Bubs has nailed tummy time, tears and all, meaning he now has good neck strength. He has aced the skill of sitting, moving past Humpty Dumpty stage, and core strength is improving by the day. Having now gained a new perspective, he begins discovering his environment and developing spatial awareness. And now…he is on the move! It’s about here us parents, loose a whole lot of spare time, with eyes now glued to Hurricane Harry, who discovers something new and enthralling in all the wrong places. Child proofing the house is now next level! Despite the inconvenience of this stage, it really is an amazing part of your child’s development, as they prepare for the next incredible milestone of walking!
So why is crawling so important to development? Let’s break it down.
Crawling actually involves a high level of coordination. It activates a part of the brain called, corpus collosum, which triggers both sides of the body to work together. It also connects the upper and lower body.
Independence & Navigation
They are learning how to navigate the world around them on their own now and separation anxiety can kick in with force.

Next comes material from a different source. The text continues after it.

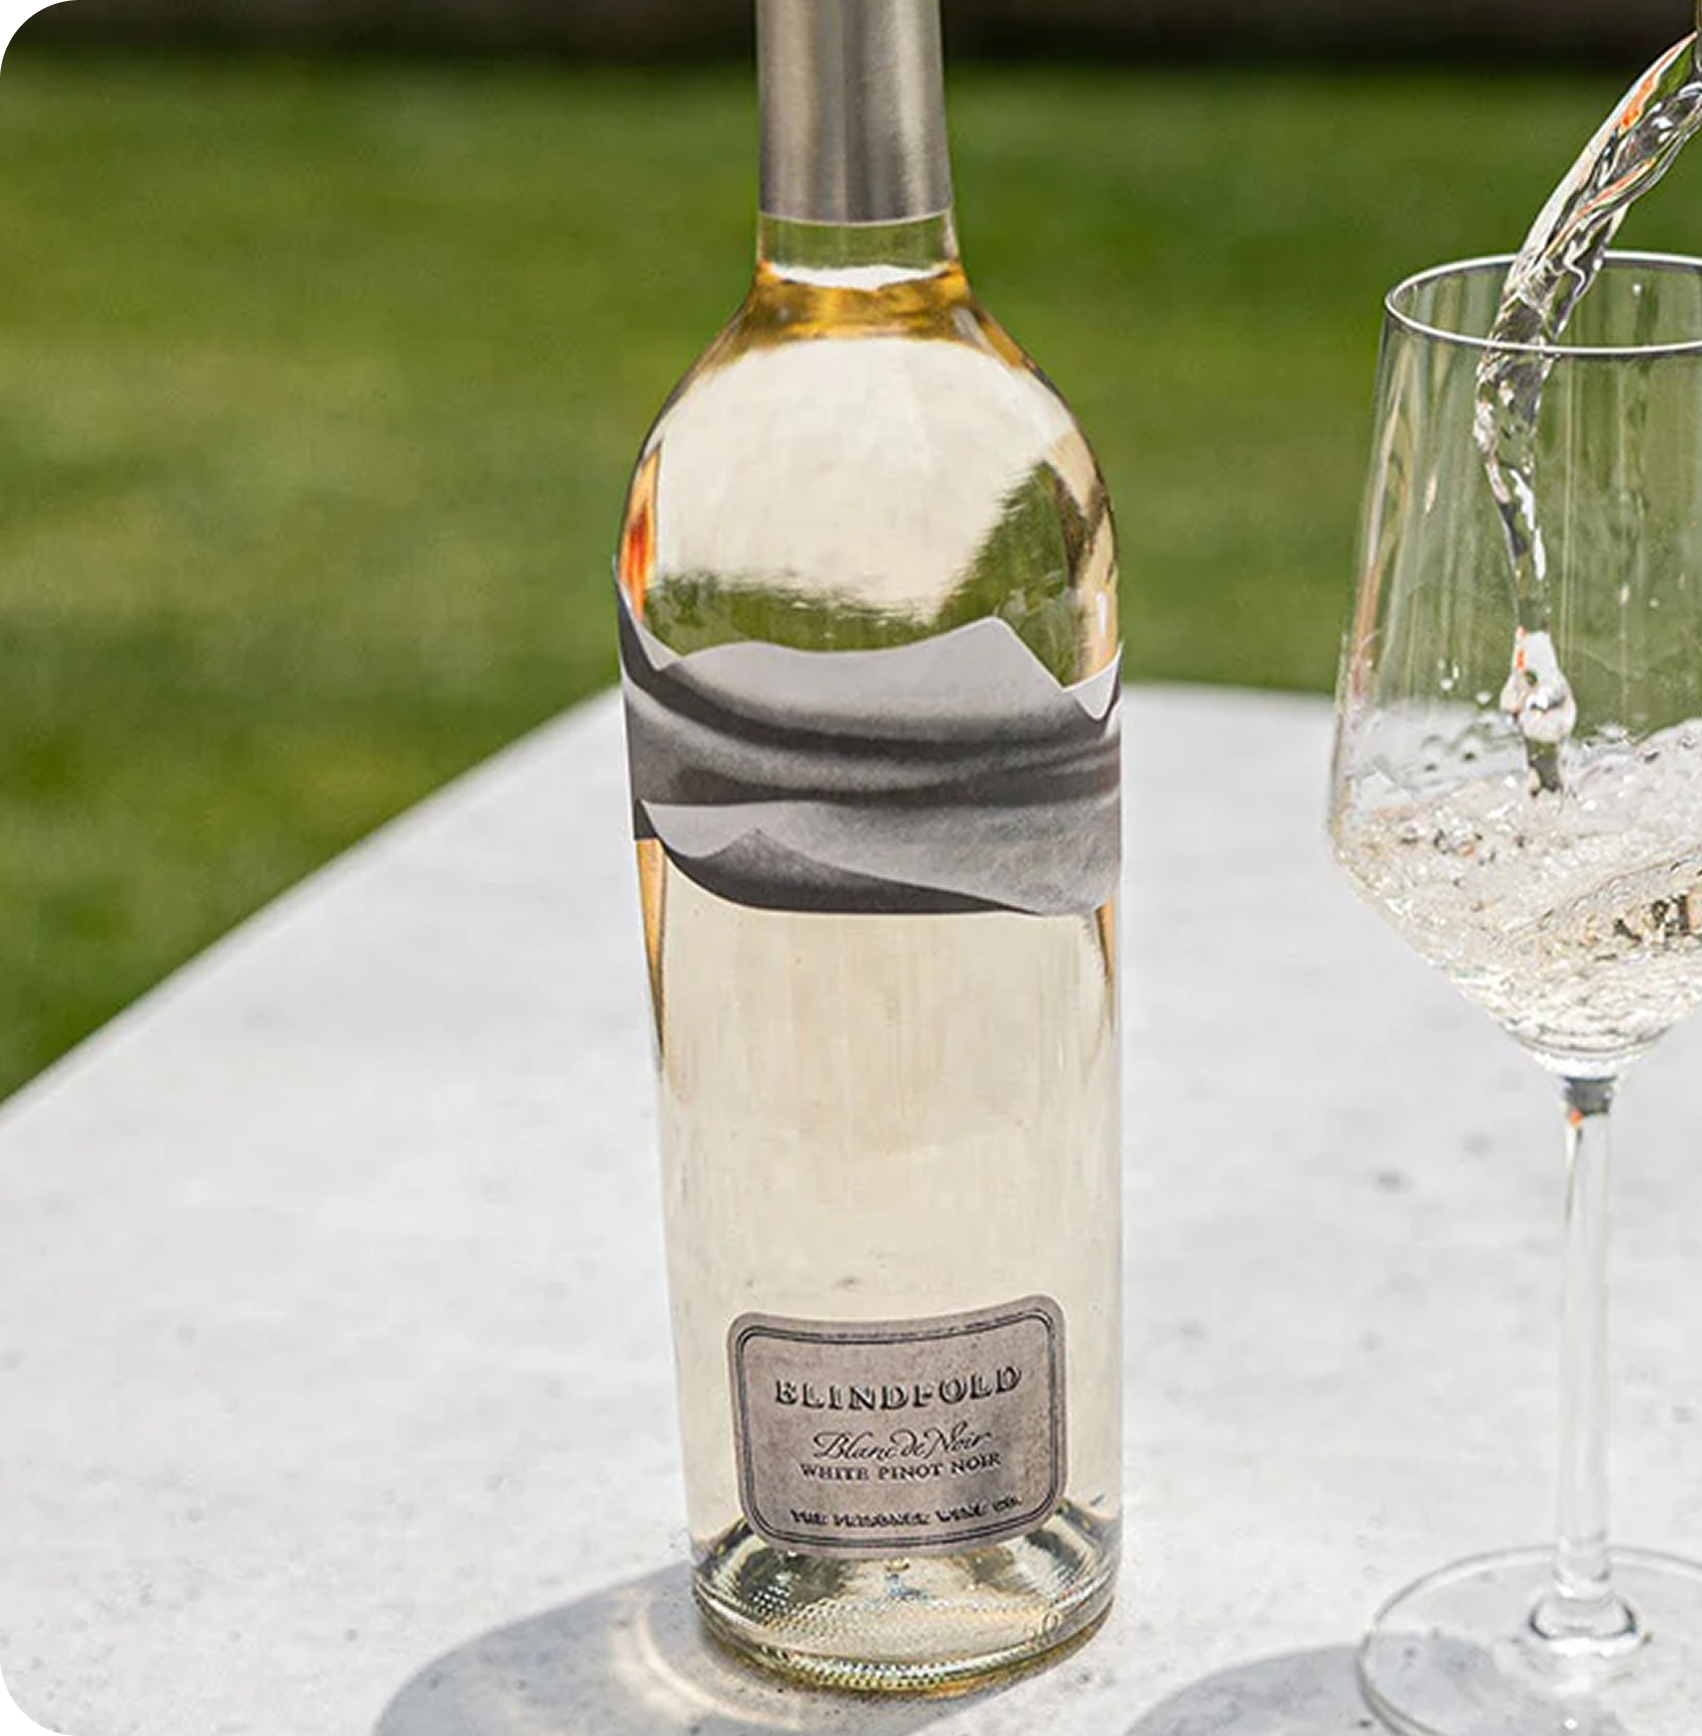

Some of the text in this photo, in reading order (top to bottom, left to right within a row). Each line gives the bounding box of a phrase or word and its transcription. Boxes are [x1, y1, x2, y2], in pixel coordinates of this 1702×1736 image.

[774, 1365, 1022, 1411] BLINDFOLD
[812, 1420, 992, 1461] Blanc de Noir
[799, 1451, 1002, 1481] WHITE PINOT NOIR

They can now move their bodies to get that object, a massive feat never achieved before. They work their way around objects on the floor, or over them, to get to their destination, and develop an understanding of their potential and limitations. Crawling involves problems solving and trial and error, all contributing to their cognitive development.
Physical development is an obvious area of benefit. They are now holding their body weight, their head, all while moving. They are developing their gross and fine motor skills, particularly when holding or reaching for objects on the move, all while improving hand eye coordination and balance. Crawling also enhances reflexive strength, meaning they can react to things in their environment.
Crawling incorporates the entire sensory system. They are on the move, so the brain is analysing what they are seeing or trying to get to, what is in the way, what they are hearing (you screaming no as they reach for your phone, keys and the remote) and touch, as they move across surfaces. So, as they are manoeuvring their way around, they are absorbing and developing their sensory system.
Nervous system development
New exercise patterns stimulate the nervous system by building new neural pathways. Neuroplasticity is amazing in babies as they are continuously learning, and crawling helps to develop this system.
Baby not crawling? Try these things…
- Up the tummy time, try lying on the floor in front of them, playing with toys and moving them out of reach to encourage forward movement.
- Encourage them up on their hands for upper body strength
- Get baby sitting – sitting improves core and back strength which helps gain the strength required to crawl.
- Make it interesting. Once they do show signs of crawling, play hide and seek, create some obstacles and get down on the floor and chase them.
There are so many benefits to crawling. One that I have enjoyed, is seeing a new side of my baby’s personality, including determination to get what he wants, and a lot of cheekiness, as he learns to play. It is important to remember that not all babies are on the same timetable and there is a wide range for normal development. However, if you are concern about how your child is tracking, it can be reassuring to seek the guidance of your Paediatrician.